Vink’s normal CK levels suggested no muscle damage had occurred and his lactate levels before his little 6 yard walk to his bathroom were normal as well, but five minutes later, they were high – so high that Vink reported they were beyond the level at which healthy people would stop exercising. Then in a big surprise, they shot up again 30 minutes later to levels higher that professional athletes like marathoners reach during their most strenuous exercise efforts. As in the French study, eating a meal tended to cause his lactate levels to peak about an hour later as well.

Vink is undoubtedly an outlier: he’s severely ill and clearing lactate is a huge problem for him, in particular, but he demonstrates just how whacky lactate production can get in these diseases.
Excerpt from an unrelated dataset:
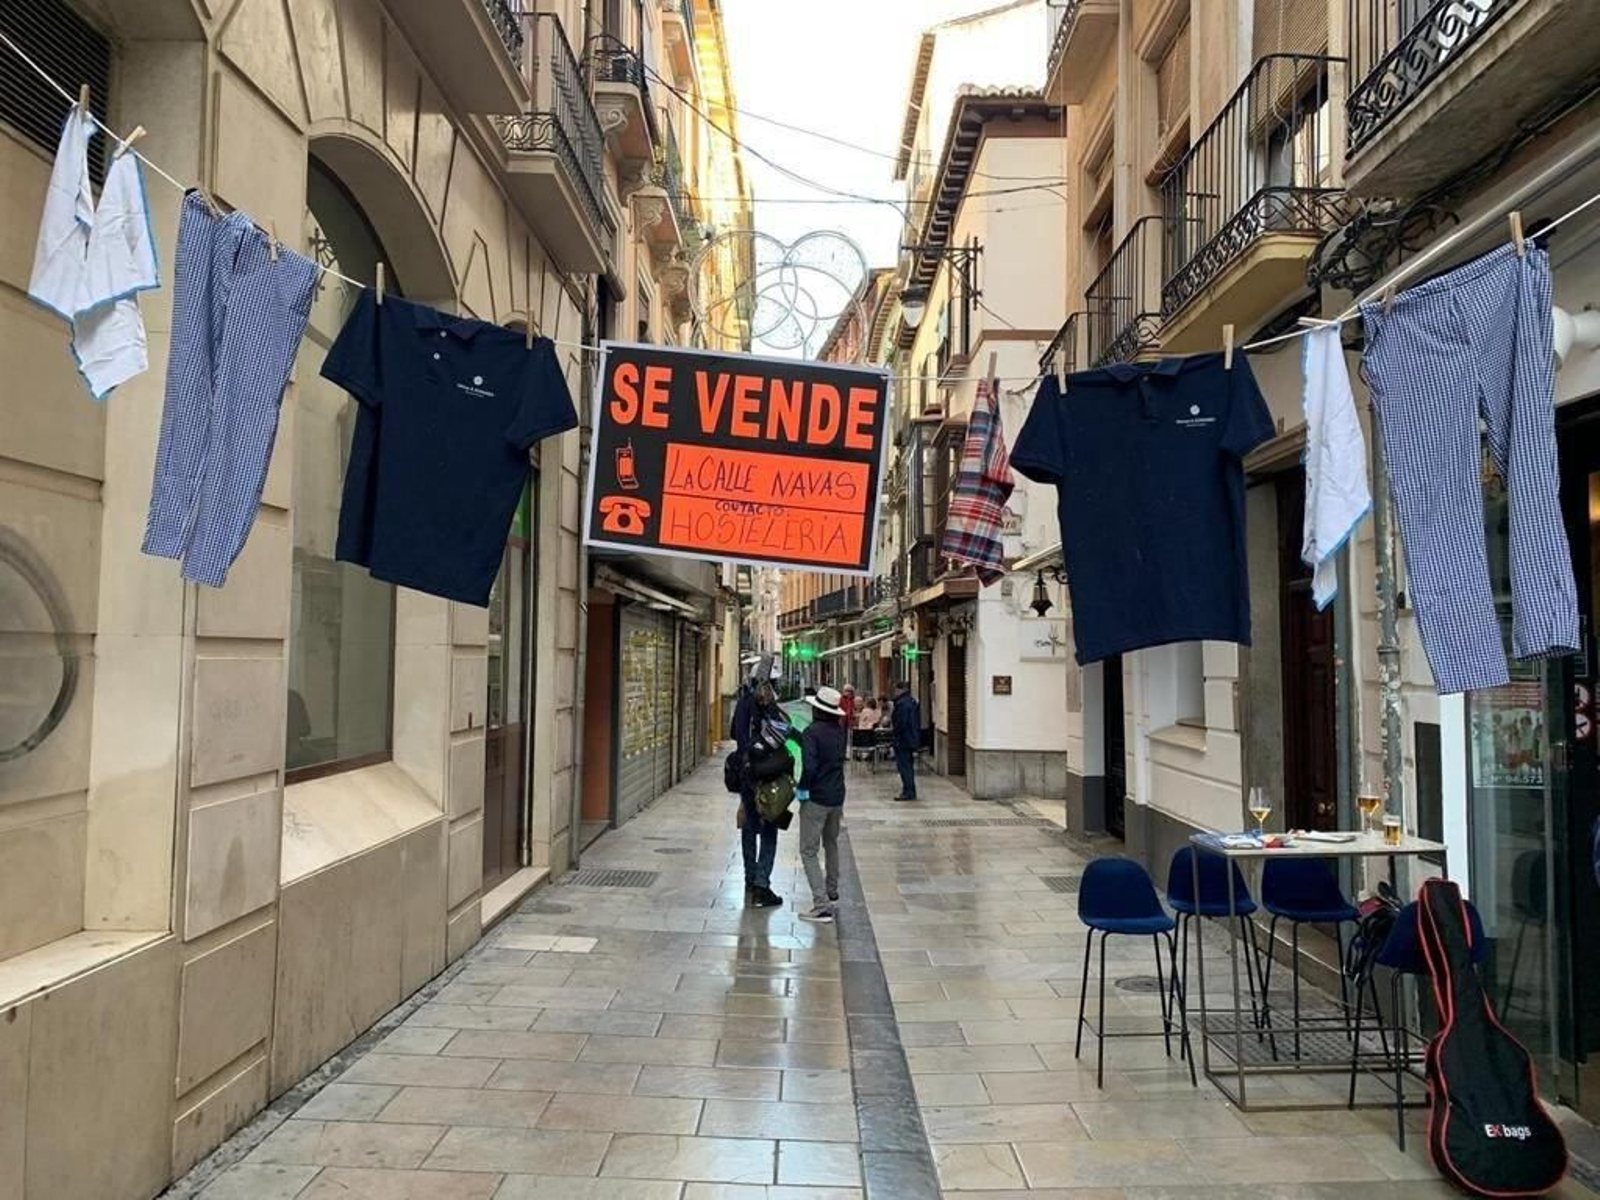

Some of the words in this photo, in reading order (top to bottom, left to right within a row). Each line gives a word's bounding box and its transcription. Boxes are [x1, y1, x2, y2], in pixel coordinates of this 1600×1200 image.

Monitoring Blood Lactate Levels?

If monitoring blood lactate levels is widely used by athletes to determine their optimum activity levels, why not do the same in ME/CFS? It seems likely that a wide range of lactate levels are present in ME/CFS and that monitoring them may help some people with ME/CFS with pacing and assessing treatment effectiveness. One could envision a study that gathered ME/CFS, FM and long COVID patients together to  lactate levels from their home upon awakening, after different levels of activities, and after meals.

Blood lactate monitors are readily available, if not cheap. The Edge – the model Vink used is currently $249 on Amazon US. You need to get the sticks as well. They cost about $2 each.

Monitoring your lactate levels brings up the question what can you do if your blood lactate levels are high? There are unfortunately no easy solutions for removing blood lactate or reducing the acid conditions that come along with it. It simply takes time and rest for your body to reabsorb the lactate. Interestingly, though, the most commonly suggested solutions are things that have been suggested for these diseases.

One suggestion is to use deep breathing techniques to increase oxygen levels. (That incidentally, is the first thing exercise physiologist Staci Stevens recommends for her ME/CFS clients.) Hyperbaric oxygen chambers, H2 water or other means that can help increase oxygen levels might be helpful as well. Doing small bouts of exercise/activity may help as well. Some websites suggest eating more alkaline foods.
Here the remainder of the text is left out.